■ **EXERCISE OBJECTIVE**
Take the records below and set them down exactly, so that every line matches the original.

━━━━━ DATA SUPPLIED ━━━━━

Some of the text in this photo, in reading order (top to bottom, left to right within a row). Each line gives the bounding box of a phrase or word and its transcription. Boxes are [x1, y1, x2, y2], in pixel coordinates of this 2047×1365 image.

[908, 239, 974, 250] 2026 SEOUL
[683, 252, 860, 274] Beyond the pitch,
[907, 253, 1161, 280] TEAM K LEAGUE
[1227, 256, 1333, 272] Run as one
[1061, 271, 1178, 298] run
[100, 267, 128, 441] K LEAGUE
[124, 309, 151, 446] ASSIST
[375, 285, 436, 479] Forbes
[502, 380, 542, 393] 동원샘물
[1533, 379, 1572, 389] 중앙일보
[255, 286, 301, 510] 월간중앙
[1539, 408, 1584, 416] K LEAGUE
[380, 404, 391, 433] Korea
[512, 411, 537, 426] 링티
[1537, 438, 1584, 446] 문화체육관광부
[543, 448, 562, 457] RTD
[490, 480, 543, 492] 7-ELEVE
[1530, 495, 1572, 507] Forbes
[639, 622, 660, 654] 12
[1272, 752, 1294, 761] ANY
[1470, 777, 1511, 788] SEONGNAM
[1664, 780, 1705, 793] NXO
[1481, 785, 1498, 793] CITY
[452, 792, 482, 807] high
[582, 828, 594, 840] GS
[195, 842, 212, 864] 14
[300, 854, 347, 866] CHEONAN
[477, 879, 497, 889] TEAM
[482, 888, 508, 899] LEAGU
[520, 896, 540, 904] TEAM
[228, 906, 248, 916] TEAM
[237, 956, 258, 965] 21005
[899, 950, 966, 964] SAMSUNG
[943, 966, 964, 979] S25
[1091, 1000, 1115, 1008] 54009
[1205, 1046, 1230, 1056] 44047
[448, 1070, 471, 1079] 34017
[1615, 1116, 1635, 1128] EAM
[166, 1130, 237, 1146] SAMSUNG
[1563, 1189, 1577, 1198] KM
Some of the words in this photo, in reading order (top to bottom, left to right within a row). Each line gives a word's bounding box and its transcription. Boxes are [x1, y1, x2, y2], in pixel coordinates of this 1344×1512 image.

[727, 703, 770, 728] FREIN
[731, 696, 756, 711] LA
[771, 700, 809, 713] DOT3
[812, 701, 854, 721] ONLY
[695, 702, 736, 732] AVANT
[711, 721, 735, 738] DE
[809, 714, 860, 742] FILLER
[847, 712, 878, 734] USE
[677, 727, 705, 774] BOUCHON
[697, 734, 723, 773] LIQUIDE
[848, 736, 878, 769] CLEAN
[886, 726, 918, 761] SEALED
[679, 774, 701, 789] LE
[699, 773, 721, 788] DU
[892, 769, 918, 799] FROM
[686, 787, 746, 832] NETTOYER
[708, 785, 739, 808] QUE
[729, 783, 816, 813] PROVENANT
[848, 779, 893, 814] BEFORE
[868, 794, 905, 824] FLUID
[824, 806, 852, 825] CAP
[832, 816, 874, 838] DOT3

━━━━━

■ **ANSWER TO THE EXERCISE**
Some of the text in this photo, in reading order (top to bottom, left to right within a row). Each line gives the bounding box of a phrase or word and its transcription. Boxes are [x1, y1, x2, y2], in pixel coordinates of this 2047×1365 image.

[908, 239, 974, 250] 2026 SEOUL
[683, 252, 860, 274] Beyond the pitch,
[907, 253, 1161, 280] TEAM K LEAGUE
[1227, 256, 1333, 272] Run as one
[1061, 271, 1178, 298] run
[100, 267, 128, 441] K LEAGUE
[124, 309, 151, 446] ASSIST
[375, 285, 436, 479] Forbes
[502, 380, 542, 393] 동원샘물
[1533, 379, 1572, 389] 중앙일보
[255, 286, 301, 510] 월간중앙
[1539, 408, 1584, 416] K LEAGUE
[380, 404, 391, 433] Korea
[512, 411, 537, 426] 링티
[1537, 438, 1584, 446] 문화체육관광부
[543, 448, 562, 457] RTD
[490, 480, 543, 492] 7-ELEVE
[1530, 495, 1572, 507] Forbes
[639, 622, 660, 654] 12
[1272, 752, 1294, 761] ANY
[1470, 777, 1511, 788] SEONGNAM
[1664, 780, 1705, 793] NXO
[1481, 785, 1498, 793] CITY
[452, 792, 482, 807] high
[582, 828, 594, 840] GS
[195, 842, 212, 864] 14
[300, 854, 347, 866] CHEONAN
[477, 879, 497, 889] TEAM
[482, 888, 508, 899] LEAGU
[520, 896, 540, 904] TEAM
[228, 906, 248, 916] TEAM
[237, 956, 258, 965] 21005
[899, 950, 966, 964] SAMSUNG
[943, 966, 964, 979] S25
[1091, 1000, 1115, 1008] 54009
[1205, 1046, 1230, 1056] 44047
[448, 1070, 471, 1079] 34017
[1615, 1116, 1635, 1128] EAM
[166, 1130, 237, 1146] SAMSUNG
[1563, 1189, 1577, 1198] KM
Some of the words in this photo, in reading order (top to bottom, left to right within a row). Each line gives a word's bounding box and its transcription. Boxes are [x1, y1, x2, y2], in pixel coordinates of this 1344×1512 image.

[727, 703, 770, 728] FREIN
[731, 696, 756, 711] LA
[771, 700, 809, 713] DOT3
[812, 701, 854, 721] ONLY
[695, 702, 736, 732] AVANT
[711, 721, 735, 738] DE
[809, 714, 860, 742] FILLER
[847, 712, 878, 734] USE
[677, 727, 705, 774] BOUCHON
[697, 734, 723, 773] LIQUIDE
[848, 736, 878, 769] CLEAN
[886, 726, 918, 761] SEALED
[679, 774, 701, 789] LE
[699, 773, 721, 788] DU
[892, 769, 918, 799] FROM
[686, 787, 746, 832] NETTOYER
[708, 785, 739, 808] QUE
[729, 783, 816, 813] PROVENANT
[848, 779, 893, 814] BEFORE
[868, 794, 905, 824] FLUID
[824, 806, 852, 825] CAP
[832, 816, 874, 838] DOT3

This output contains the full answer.